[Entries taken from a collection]

________________________________________

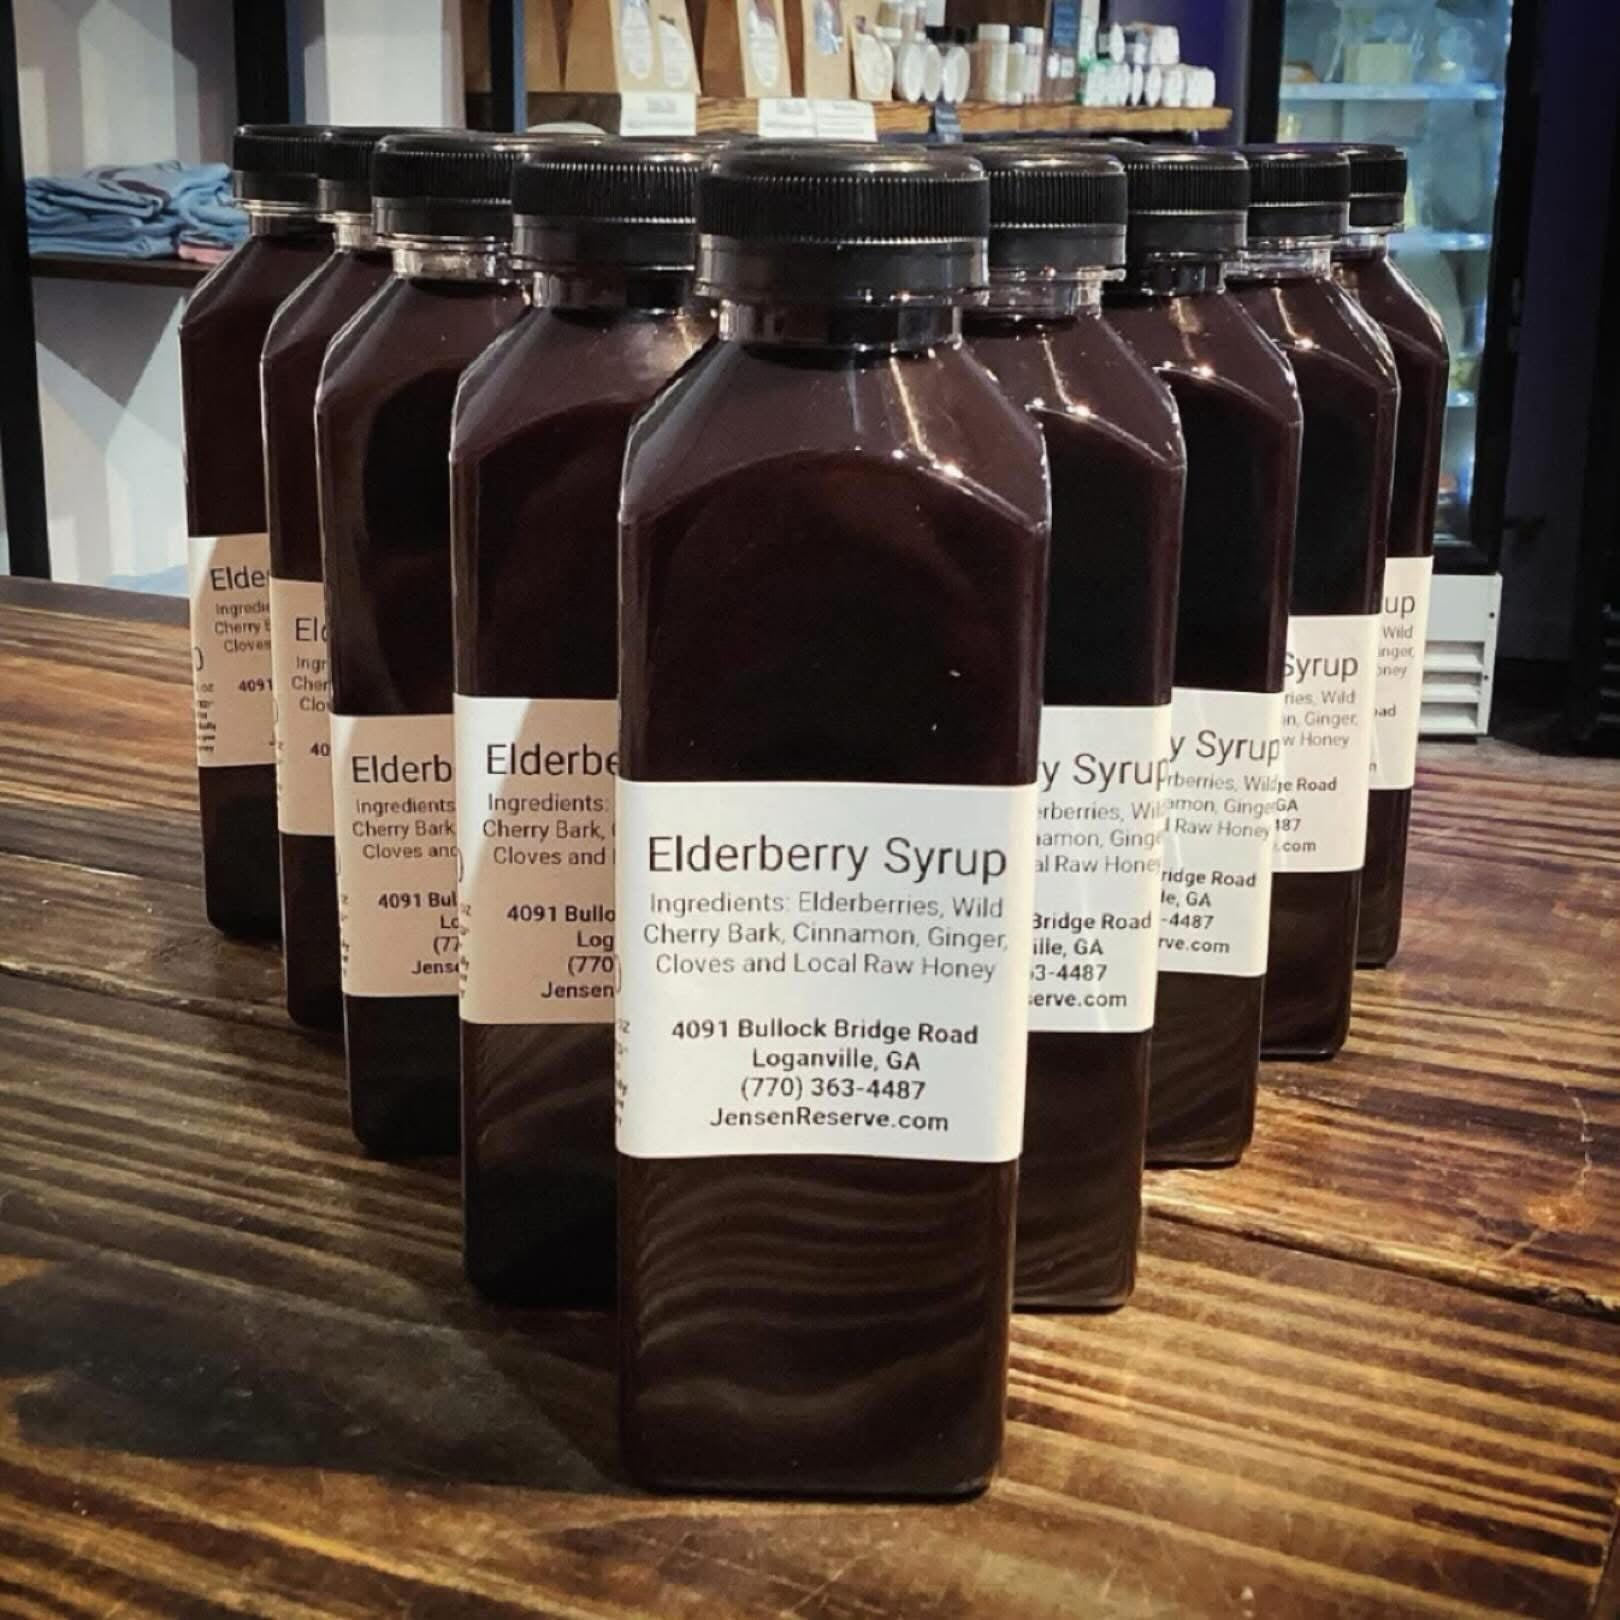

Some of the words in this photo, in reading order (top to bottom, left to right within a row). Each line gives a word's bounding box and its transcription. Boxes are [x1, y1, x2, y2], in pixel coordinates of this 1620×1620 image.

[214, 621, 261, 635] Cherry
[1383, 624, 1414, 640] Wild
[238, 677, 273, 692] 4091
[1320, 689, 1356, 705] Wild
[1195, 729, 1281, 768] Syrup
[1300, 731, 1350, 749] Honey
[351, 753, 453, 783] Elderb
[1296, 776, 1338, 792] Road
[351, 820, 409, 841] Cherry
[483, 819, 550, 844] Cherry
[556, 819, 605, 841] Bark,
[1175, 818, 1213, 835] Raw
[1217, 820, 1270, 841] Honey
[362, 844, 423, 860] Cloves
[494, 846, 562, 865] Cloves
[568, 846, 606, 865] and
[648, 834, 869, 883] Elderberry
[884, 836, 1007, 886] Syrup
[1054, 854, 1099, 873] Raw
[1211, 870, 1257, 888] Road
[378, 892, 422, 909] 4091
[650, 891, 791, 919] Ingredients:
[799, 890, 945, 920] Elderberries,
[952, 896, 1004, 919] Wild
[1186, 891, 1212, 908] GA
[507, 904, 558, 922] 4091
[1101, 910, 1153, 930] Road
[643, 921, 721, 948] Cherry
[728, 921, 786, 945] Bark,
[793, 921, 920, 948] Cinnamon,
[927, 925, 1008, 954] Ginger,
[1073, 938, 1105, 956] GA
[656, 952, 735, 974] Cloves
[743, 951, 786, 973] and
[793, 951, 857, 974] Local
[863, 952, 915, 975] Raw
[921, 955, 997, 983] Honey
[672, 1018, 728, 1040] 4091
[738, 1016, 827, 1038] Bullock
[834, 1017, 911, 1045] Bridge
[918, 1022, 979, 1045] Road
[752, 1047, 879, 1072] Loganville,
[886, 1050, 921, 1072] GA
[740, 1075, 804, 1101] (770)
[811, 1077, 926, 1100] 363-4487
[709, 1106, 949, 1132] JensenReserve.com
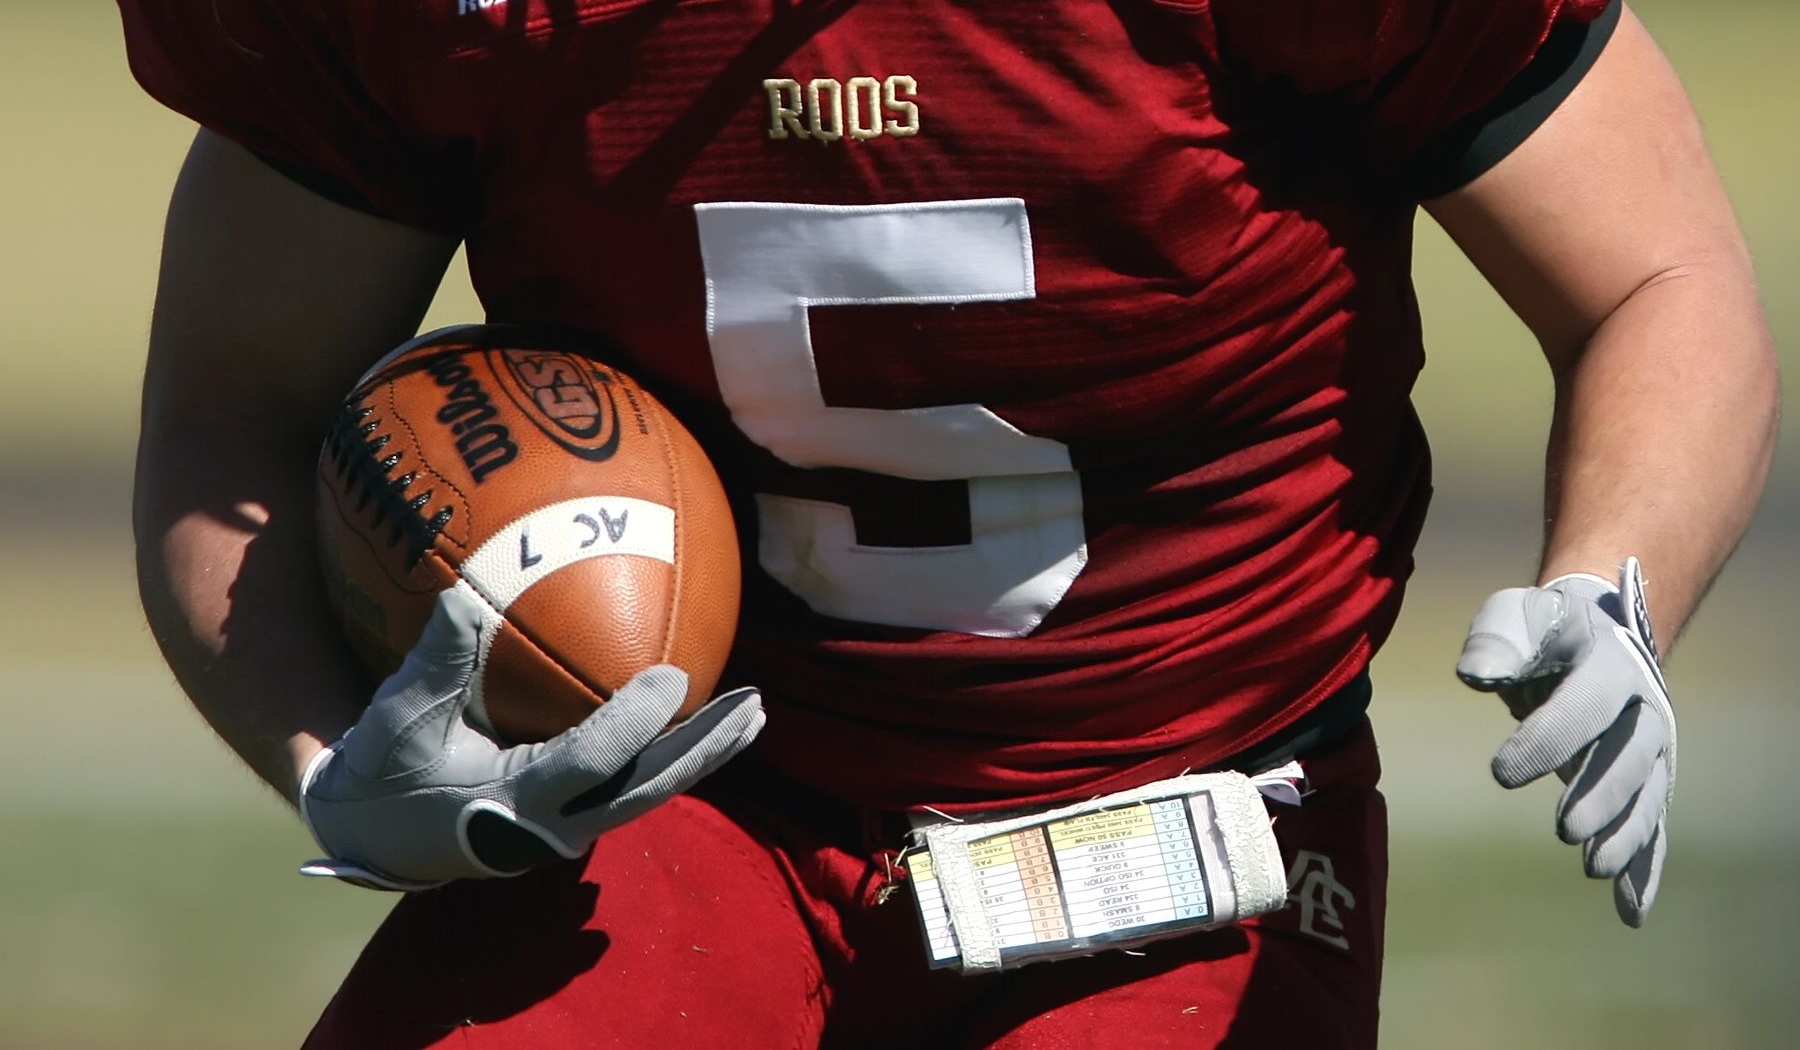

________________________________________

• THE PROBLEM: Give back all of the data exactly, but not the pictures.

• YOUR RESPONSE:
Some of the words in this photo, in reading order (top to bottom, left to right within a row). Each line gives a word's bounding box and its transcription. Boxes are [x1, y1, x2, y2], in pixel coordinates of this 1620×1620 image.

[214, 621, 261, 635] Cherry
[1383, 624, 1414, 640] Wild
[238, 677, 273, 692] 4091
[1320, 689, 1356, 705] Wild
[1195, 729, 1281, 768] Syrup
[1300, 731, 1350, 749] Honey
[351, 753, 453, 783] Elderb
[1296, 776, 1338, 792] Road
[351, 820, 409, 841] Cherry
[483, 819, 550, 844] Cherry
[556, 819, 605, 841] Bark,
[1175, 818, 1213, 835] Raw
[1217, 820, 1270, 841] Honey
[362, 844, 423, 860] Cloves
[494, 846, 562, 865] Cloves
[568, 846, 606, 865] and
[648, 834, 869, 883] Elderberry
[884, 836, 1007, 886] Syrup
[1054, 854, 1099, 873] Raw
[1211, 870, 1257, 888] Road
[378, 892, 422, 909] 4091
[650, 891, 791, 919] Ingredients:
[799, 890, 945, 920] Elderberries,
[952, 896, 1004, 919] Wild
[1186, 891, 1212, 908] GA
[507, 904, 558, 922] 4091
[1101, 910, 1153, 930] Road
[643, 921, 721, 948] Cherry
[728, 921, 786, 945] Bark,
[793, 921, 920, 948] Cinnamon,
[927, 925, 1008, 954] Ginger,
[1073, 938, 1105, 956] GA
[656, 952, 735, 974] Cloves
[743, 951, 786, 973] and
[793, 951, 857, 974] Local
[863, 952, 915, 975] Raw
[921, 955, 997, 983] Honey
[672, 1018, 728, 1040] 4091
[738, 1016, 827, 1038] Bullock
[834, 1017, 911, 1045] Bridge
[918, 1022, 979, 1045] Road
[752, 1047, 879, 1072] Loganville,
[886, 1050, 921, 1072] GA
[740, 1075, 804, 1101] (770)
[811, 1077, 926, 1100] 363-4487
[709, 1106, 949, 1132] JensenReserve.com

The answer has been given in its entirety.